Conséquence, les entreprises présentes dans la zone ont pour la plupart mis la clé sous la porte. Selon l’ONG Human is Right, installée à Buéa, la capitale régionale du Sud-Ouest, la crise a entraîné une hausse de 70 % du taux de chômage dans l’agriculture dans cette région.

La Cameroon Development Corporation (CDC, groupe public), fleuron de l’économie nationale et l’un des principaux employeurs du pays, a ainsi dû ralentir son activité en zone anglophone : seuls sept de ses vingt-neuf sites de production sont encore totalement opérationnels, selon le Gicam. Exactions sur ses employés, usines vandalisées, maisons de salariés incendiées, véhicules volés… Le patronat camerounais craint que cette crise ne soit « la goutte d’eau de trop » pour la CDC et d’autres entreprises tournées vers l’exportation, qui subissent déjà les effets du contexte économique national.

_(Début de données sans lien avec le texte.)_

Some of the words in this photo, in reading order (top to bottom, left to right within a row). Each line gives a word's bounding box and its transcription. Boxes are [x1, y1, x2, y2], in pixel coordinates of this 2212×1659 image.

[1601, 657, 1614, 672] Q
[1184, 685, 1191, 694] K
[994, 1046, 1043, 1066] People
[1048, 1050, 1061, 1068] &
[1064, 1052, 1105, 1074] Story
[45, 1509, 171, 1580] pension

« Tout est fermé, les écoles, les entreprises. C’est une ville sans vie », explique à l’AFP un habitant de Buéa, alors que la ville était auparavant l’un des poumons économiques de la région et du pays. L’armée et les séparatistes s’y sont affrontés début septembre, dans les faubourgs. Des coups de feu y sont entendus chaque jour jusqu’aux portes de l’université, principal centre d’enseignement supérieur du Cameroun anglophone. « Cette crise va avoir des conséquences sur le long terme », se désole un travailleur humanitaire.

Dans son rapport, le Gicam note que la couverture réseau est « fortement perturbée » dans tout le Cameroun anglophone : si les pylônes n’ont pas été détruits par les séparatistes, il est impossible d’y accéder pour les entretenir. Dans une zone déjà très rurale, il n’y « a plus d’accès au monde extérieur », note l’habitant de Buéa. « C’est dramatique pour l’économie et pour l’avenir des populations : elles sont déplacées, les entreprises sont fermées, les combats sont là, comment voir le futur ? »

Dans le Sud-Ouest, 246 000 personnes ont fui leur domicile et 25 000 ont quitté le Cameroun pour le Nigeria, selon l’ONU. Aucun bilan statistique n’est disponible pour le Nord-Ouest.

Retard de développement

Dans l’Extrême-Nord, cible depuis 2014 des assauts répétés du groupe djihadiste nigérian Boko Haram, l’impact économique est différent : au contraire des zones anglophones historiquement dynamiques et créatrices d’emplois, la région se caractérise par un retard de développement criant.

« Avant l’arrivée de Boko Haram, l’Extrême-Nord était déjà la région la plus pauvre du Cameroun », estime le centre d’analyse International Crisis Group (ICG). « Le conflit a aggravé cette situation. »

Pour un haut gradé de l’appareil sécuritaire à Mora, non loin de la frontière avec le Nigeria, il « va falloir reconstruire, c’est le grand chantier désormais ». A Maroua, la capitale régionale, samedi 29 septembre, le président Paul Biya, candidat à un septième mandat, a réaffirmé cette volonté de reconstruire en promettant de grands projets pour la région, notamment la construction d’une ligne de chemin de fer vers le Tchad, l’exploration pétrolière, ou encore le retour du tourisme qui s’était évanoui avec l’arrivée des djihadistes de Boko Haram.